In rejecting the British argument that Operation Retail was a justified intervention, the Court famously held that such a right was "the manifestation of a policy of force, such as has, in the past, given rise to most serious abuses and such as cannot, whatever be the present defects in international organization, find a place in international law". The Court also rejected the British arguments that Operation Retail was justified as self-protection or self-help, holding that "respect for territorial sovereignty is an essential foundation of international relations". While the Court found that Albania's conduct in the wake of the mining constituted extenuating circumstances for the United Kingdom, that conduct did not validate Operation Retail.

In a separate opinion, Judge Álvarez argued that warships were not entitled to innocent passage except where such passage was to take part in a UN enforcement action. Judge Krylov's dissenting opinion argued that there was no customary international law allowing passage, and that straits could be regulated by the coastal state. Judge Azevedo also dissented, arguing that territorial seas within international straits were treated the same as any other territorial seas, but that a special regime was needed for international straits.

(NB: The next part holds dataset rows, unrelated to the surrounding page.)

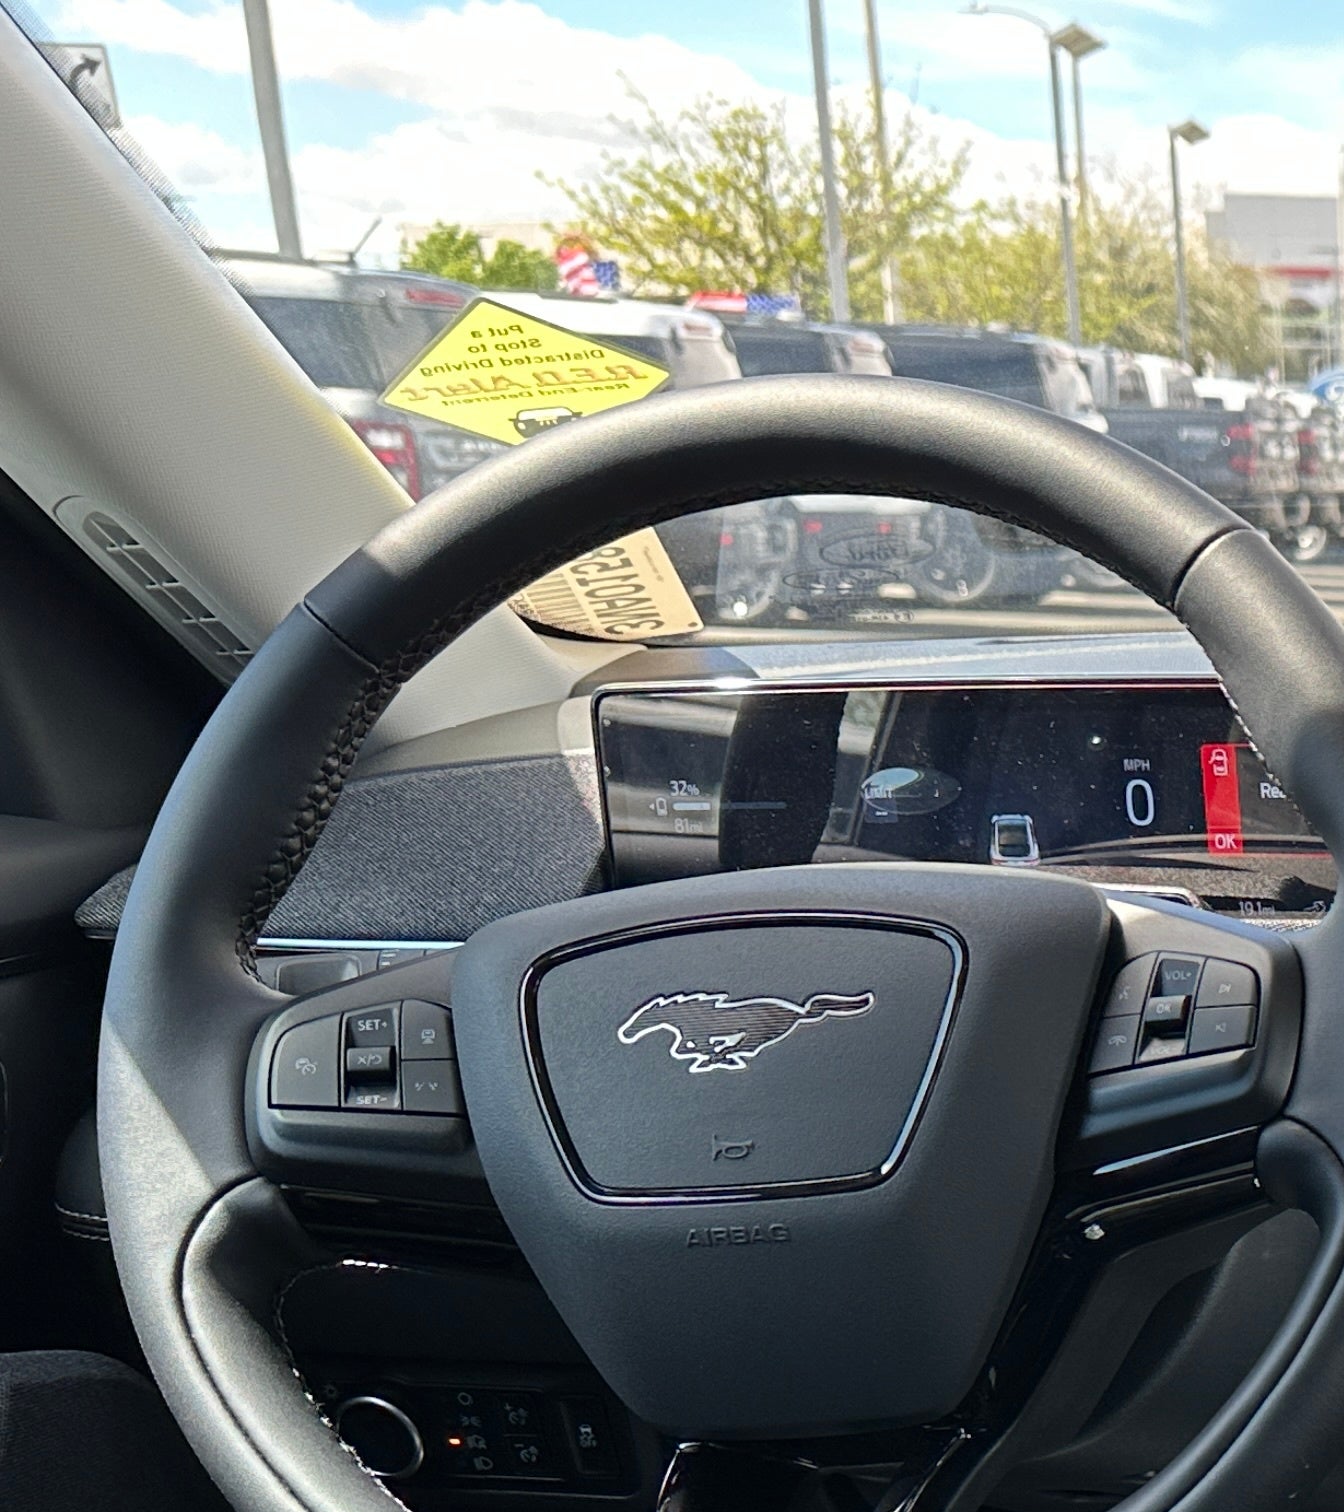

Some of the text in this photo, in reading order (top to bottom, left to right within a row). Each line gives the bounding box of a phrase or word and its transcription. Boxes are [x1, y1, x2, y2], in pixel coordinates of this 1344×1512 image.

[1123, 759, 1151, 772] MPH
[669, 780, 700, 798] 32%
[1260, 782, 1287, 799] Re
[1125, 779, 1155, 827] 0
[1214, 833, 1237, 849] OK
[687, 1223, 792, 1249] AIRBAG

===Determining compensation===
The Court declined to rule on compensation during the merits phase, because Albania had not indicated what portion, if any, of the damages claimed by the United Kingdom it intended to dispute. During the pleadings, the United Kingdom argued that the jurisdiction to award damages was a matter of res judicata—it had already been decided by the ICJ. Article 36, paragraph 6, and Article 60 of the ICJ Statute, taken with the merits judgment, served to grant the ICJ jurisdiction.

Albania did not participate in the written or oral portions of the compensation proceedings, though late in the proceedings requested that a change be made; the Court refused this, holding that Albania had waived the right to make new assertions. Albania's non-participation was because it challenged the ICJ's jurisdiction to award damages. This refusal to participate resulted in the Court applying Article 53 of the ICJ Statute, to appoint experts to evaluate the British claim. The ICJ itself appointed the committee of experts, consisting of two officers of the Royal Netherlands Navy. This committee examined data relevant to the calculations of compensation, which was ultimately annexed to the compensation judgment.

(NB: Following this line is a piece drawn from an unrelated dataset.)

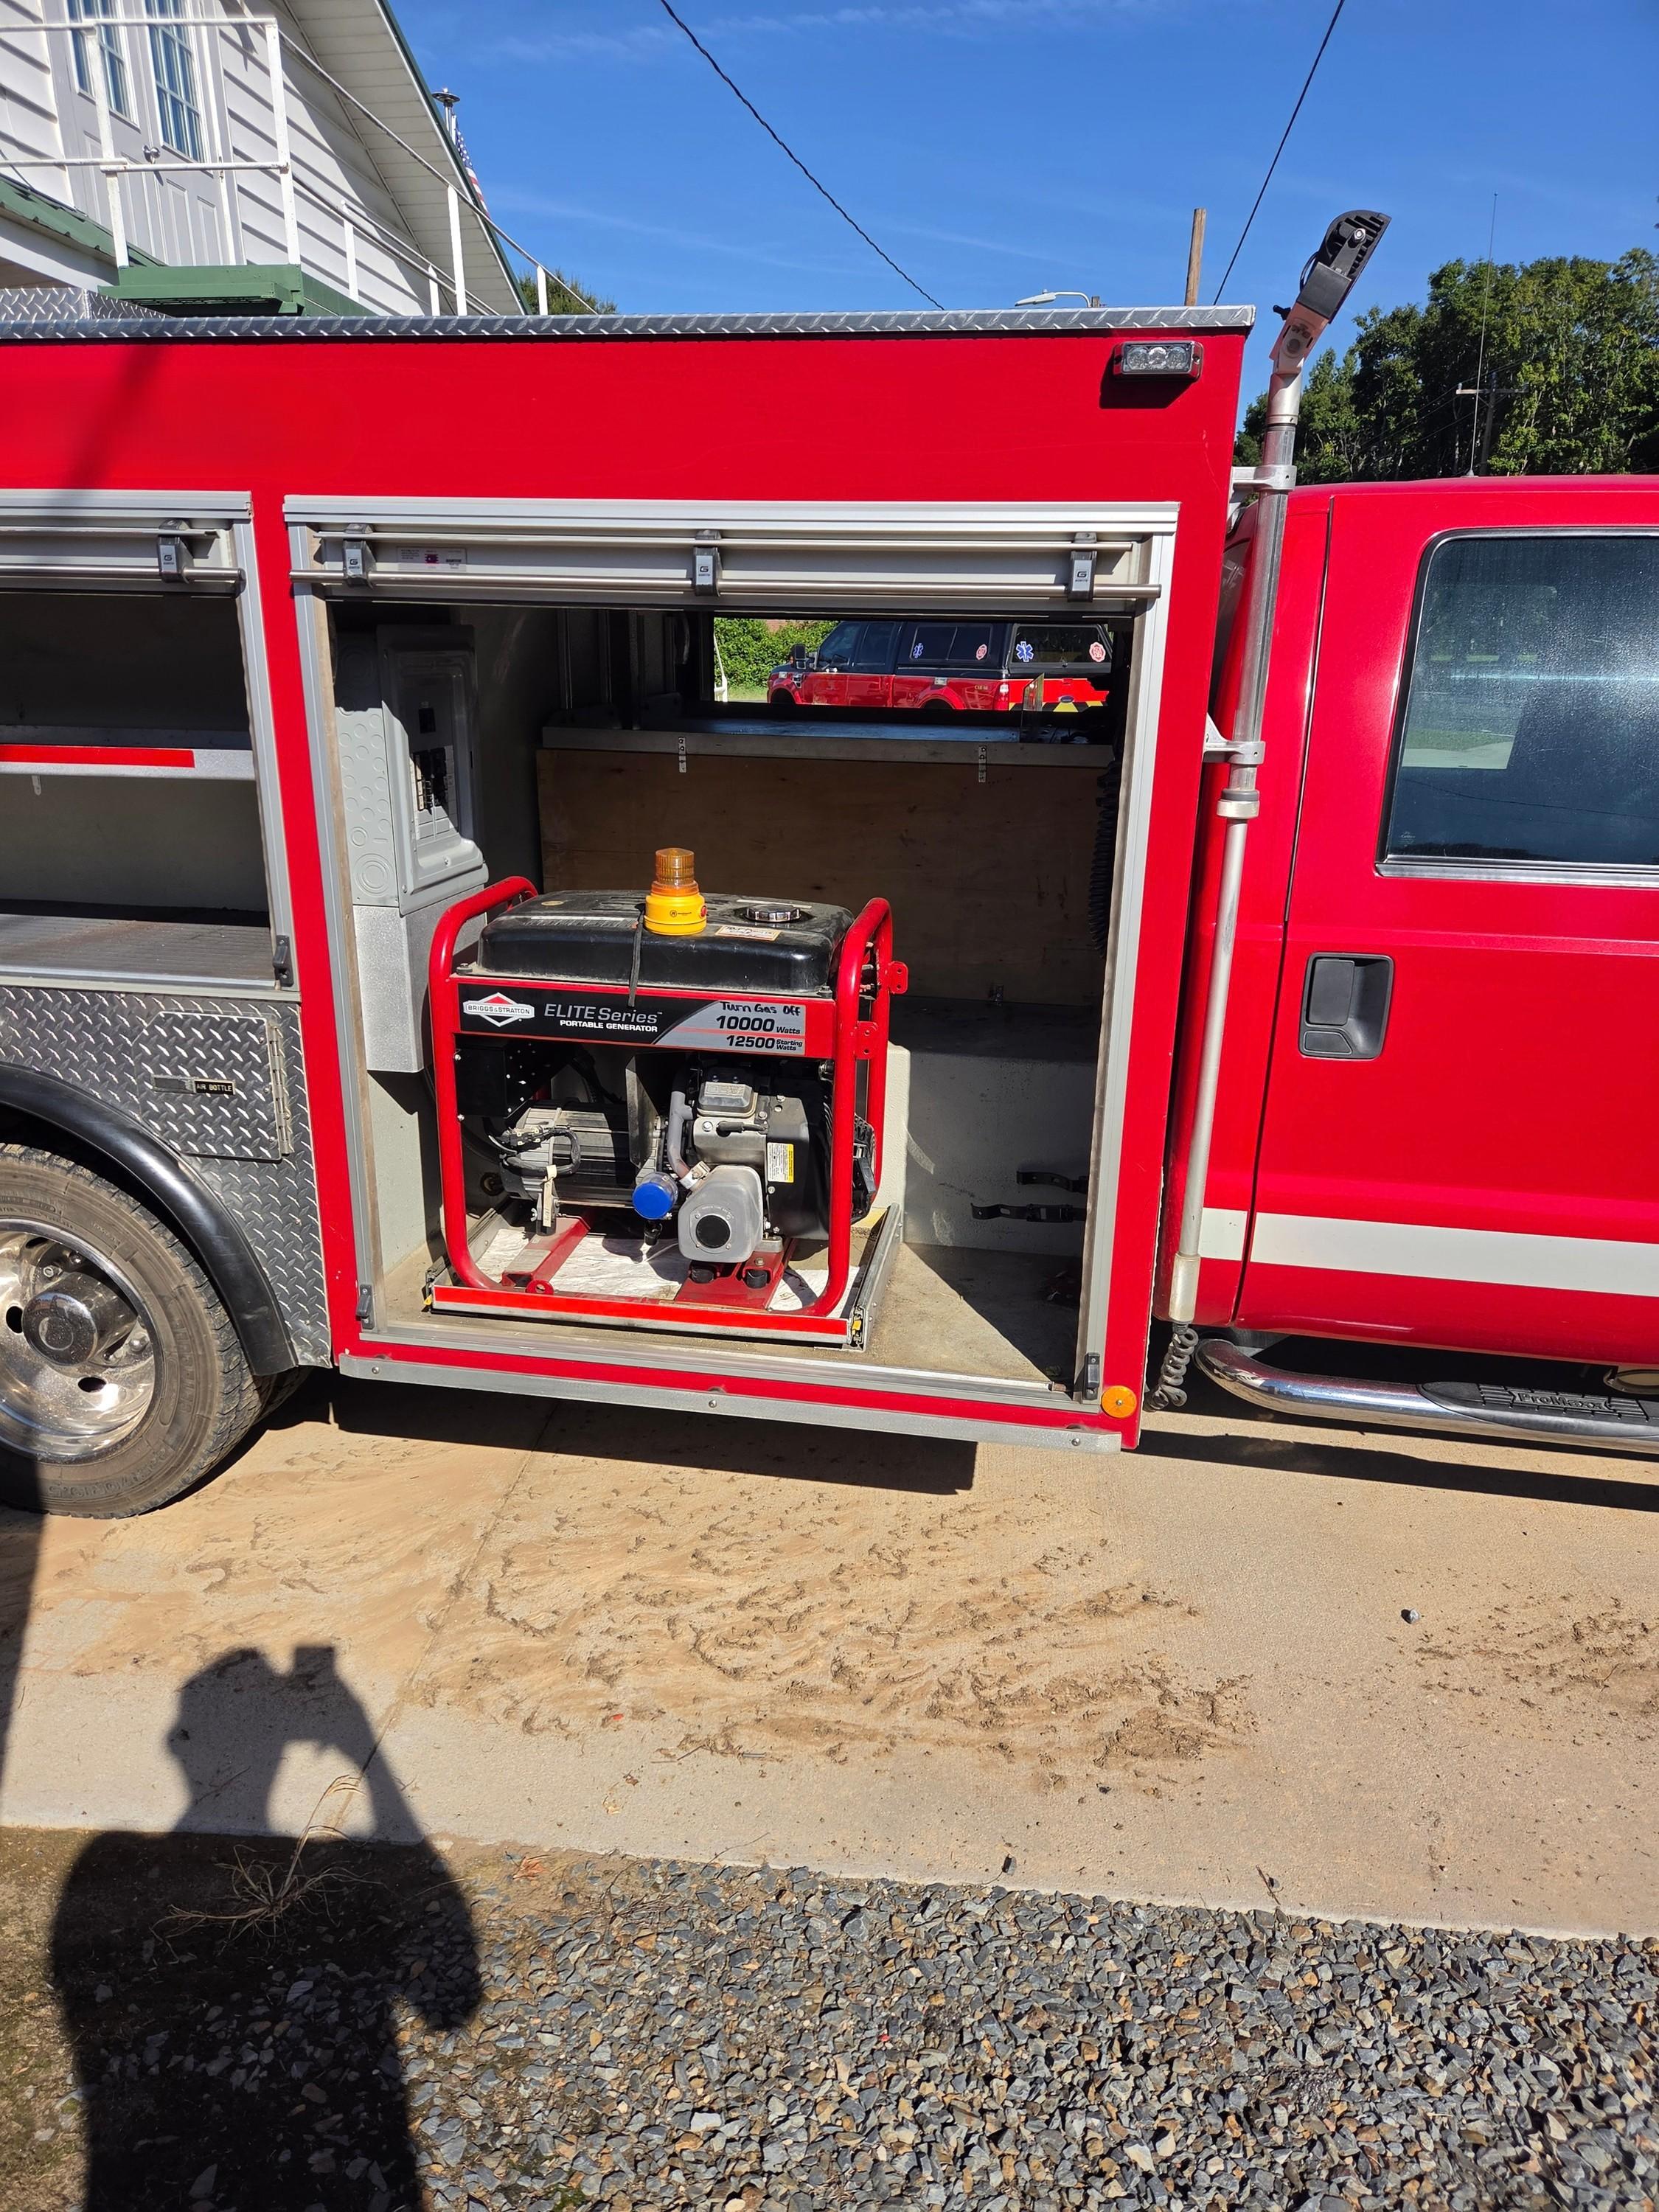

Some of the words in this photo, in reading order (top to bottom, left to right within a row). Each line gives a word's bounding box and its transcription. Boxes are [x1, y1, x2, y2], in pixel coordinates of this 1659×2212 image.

Because Albania did not participate any further in the compensation proceedings, the United Kingdom was awarded judgment by default on 15 December 1949, with the court accepting the argument that the question of its jurisdiction was res judicata under Article 60. Shabtai Rosenne remarked on the ICJ's non-reliance on Article 36, paragraph 6 of the ICJ Statute, noting that this was not explained in its judgment. He argues that the ICJ wanted it clear that its judgment was because Albania defaulted, and because the merits decision was res judicata, not that the matter of whether the ICJ had jurisdiction to award damages at all was res judicata. The Court, furthermore, held that the special agreement gave it the power to determine whether compensation was appropriate, and therefore the power to fix the amount of compensation. Mohammed Bedjaoui notes that this principle was borrowed from the Chorzów Factory.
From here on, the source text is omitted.